The pathogenesis of polyarteritis nodosa (PAN) is unknown, and no animal model is available for study. H epatitis B virus (HBV) infection is strongly linked with PAN. Evidence for immune complex–induced disease is confined to HBV-related PAN; the role of immune complexes in non-HBV-related PAN remains unclear.[5] Impaired function of endothelial cells may be part of idiopathic PAN or a consequence of it; in HBV-PAN, virus replication may directly injure the vessel wall.[9] Endothelial dysfunction can perpetuate the inflammation through cytokine and adhesion molecule production.[8]

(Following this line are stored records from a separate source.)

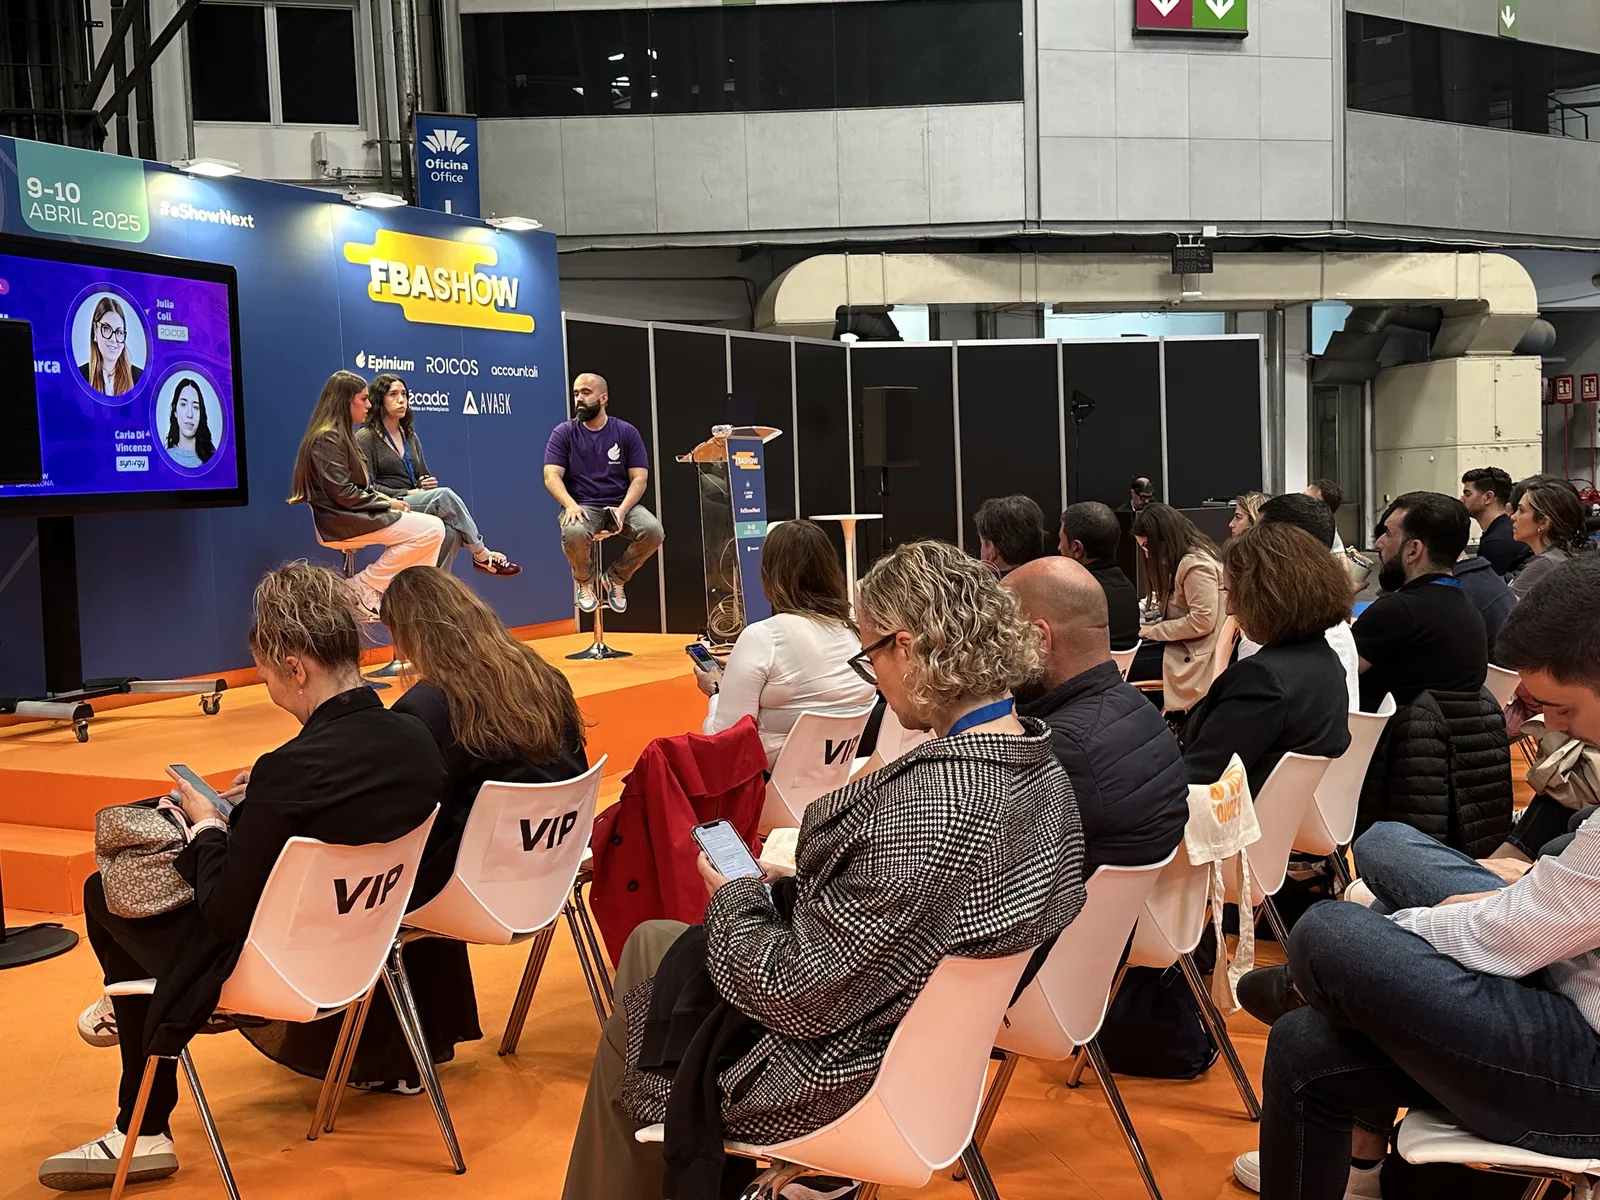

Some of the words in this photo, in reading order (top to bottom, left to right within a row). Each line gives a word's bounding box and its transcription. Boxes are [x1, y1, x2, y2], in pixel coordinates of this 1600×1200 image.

[425, 159, 468, 170] Oficina
[431, 171, 464, 183] Office
[26, 177, 81, 204] 9-10
[29, 202, 88, 226] ABRIL
[92, 210, 142, 232] 2025
[159, 200, 255, 228] #eShowNext
[370, 258, 519, 308] FBASHOW
[156, 299, 175, 309] Julia
[156, 311, 172, 322] Coll
[160, 328, 186, 339] ROICOS
[34, 360, 61, 374] rca
[368, 355, 415, 372] Epinium
[425, 356, 479, 376] ROICOS
[491, 365, 539, 378] accountali
[408, 389, 450, 406] écada
[480, 392, 512, 415] AVASK
[115, 430, 135, 440] Carla
[136, 430, 145, 440] Di
[115, 443, 152, 453] Vincenzo
[825, 734, 860, 765] VIP
[519, 810, 578, 852] VIP
[333, 863, 404, 915] VIP
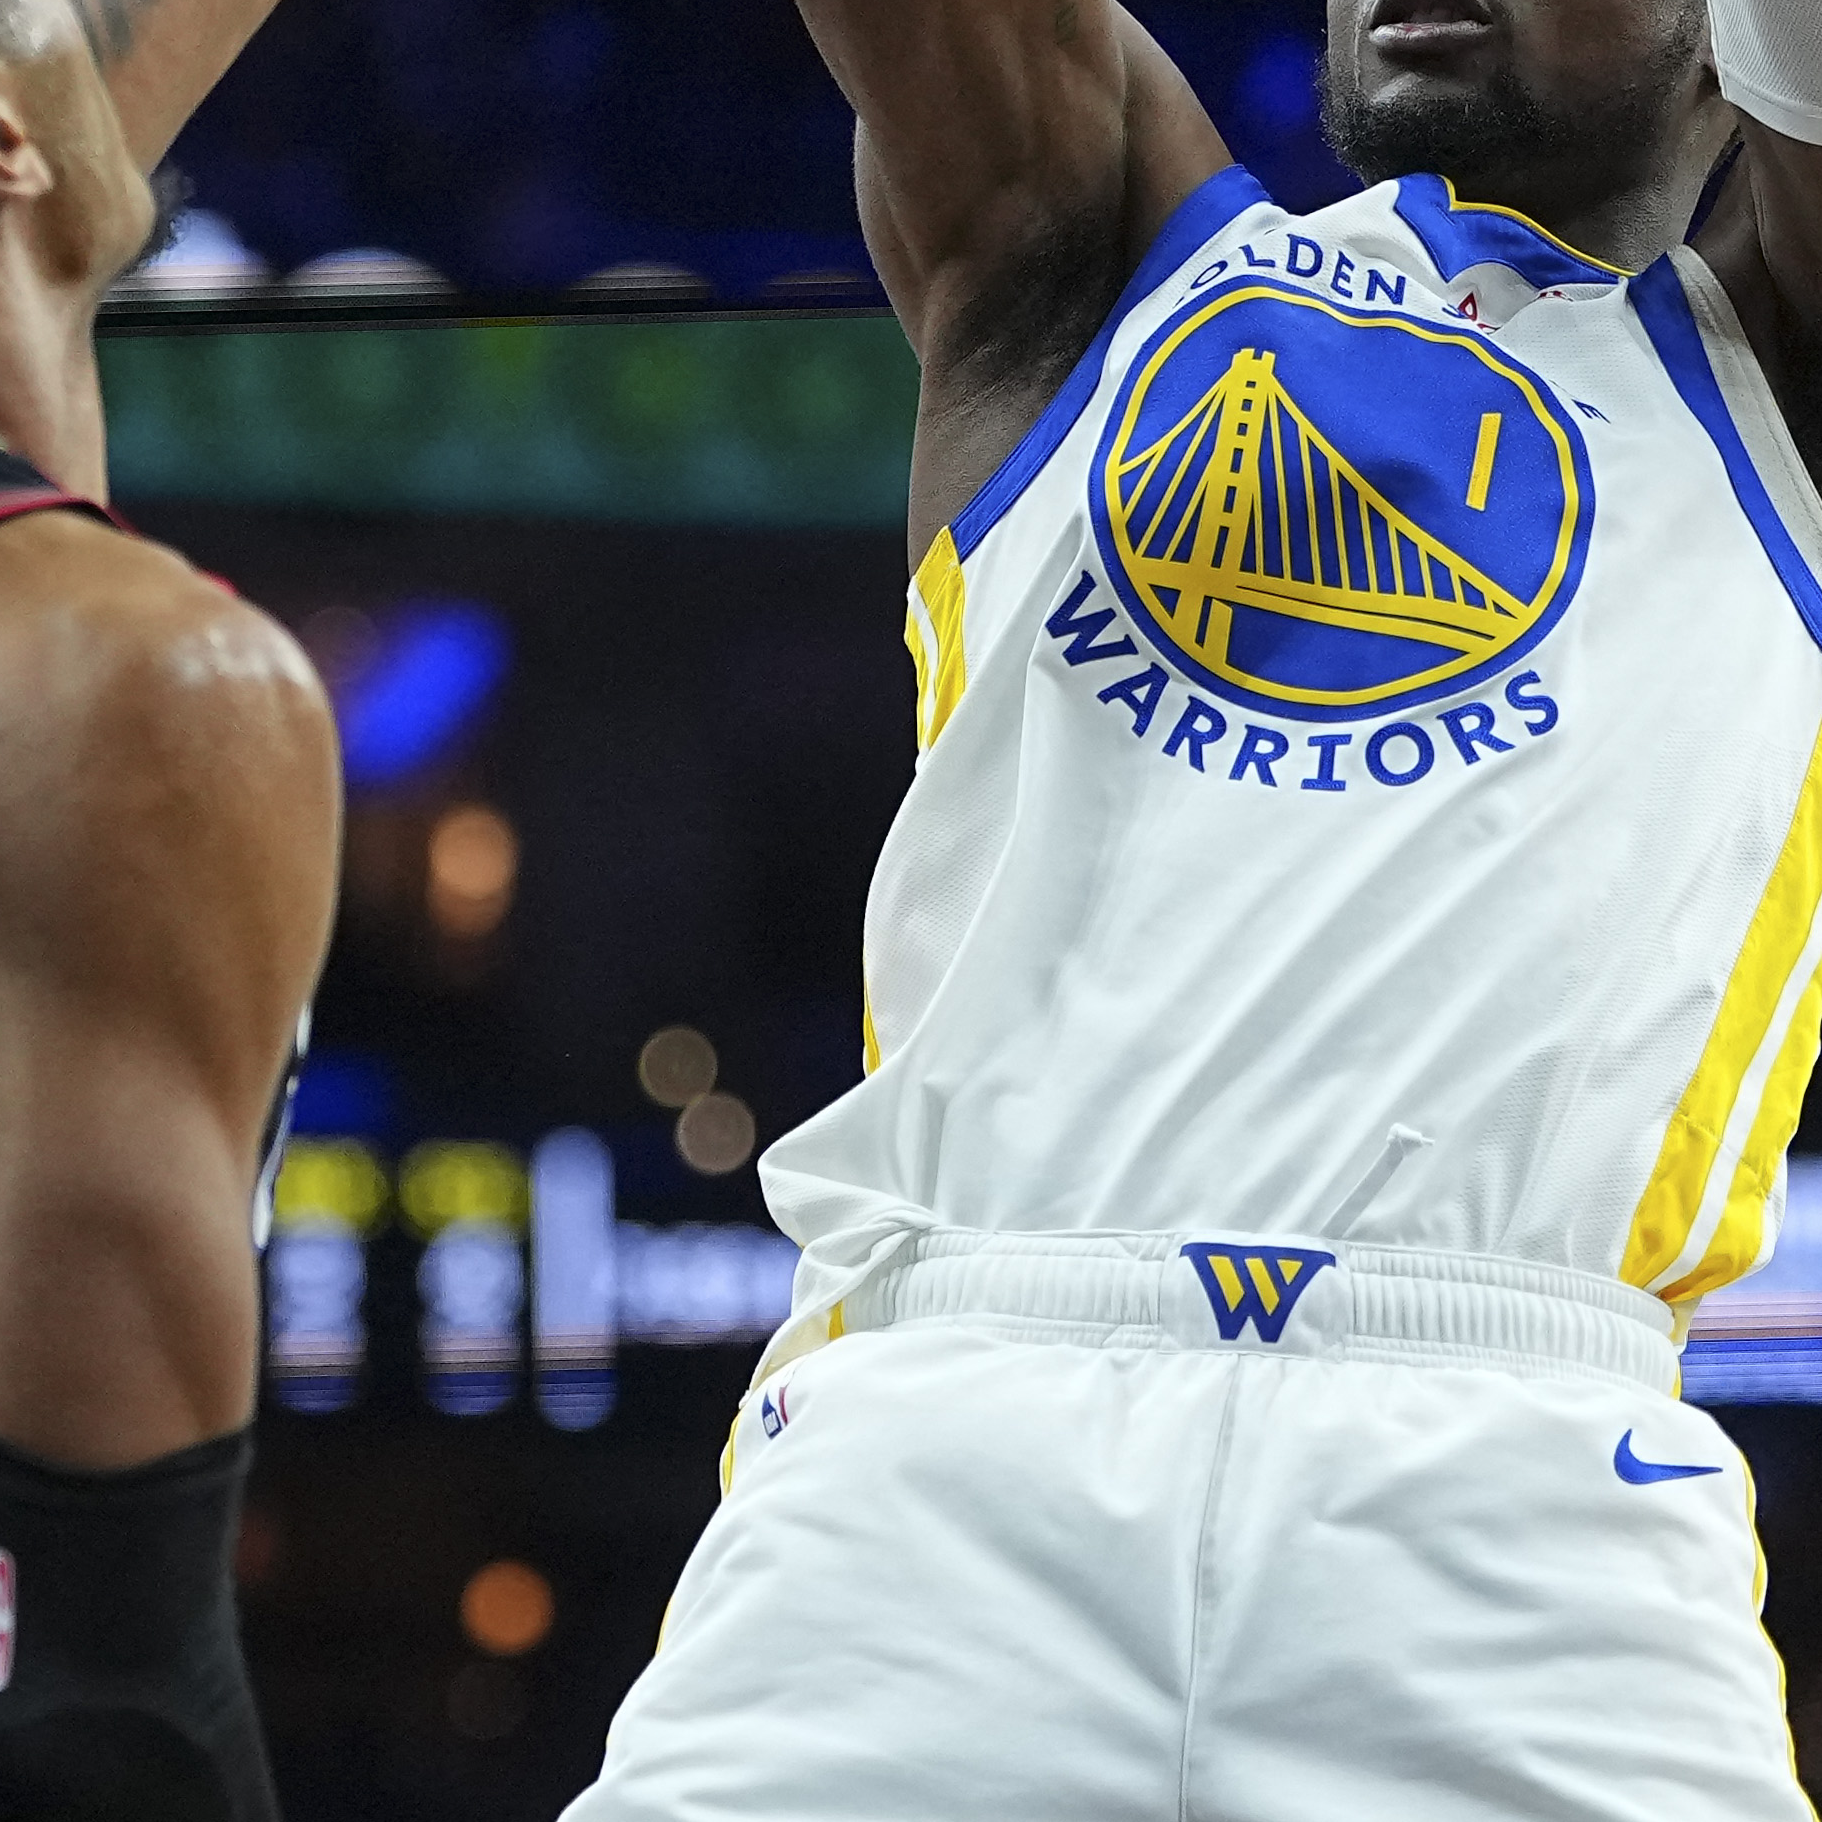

HBV-associated vasculitis almost always takes the form of PAN. HBV-PAN may occur at any time during the course of acute or chronic hepatitis B infection, although it typically occurs within 6 months of infection.[9]

The activity of HBV-PAN does not parallel that of the hepatitis, and symptoms are the same as those of idiopathic PAN. Small studies have found that GI manifestations, malignant hypertension, renal infarction, and orchiepididymitis were more common in HBV-PAN.[9]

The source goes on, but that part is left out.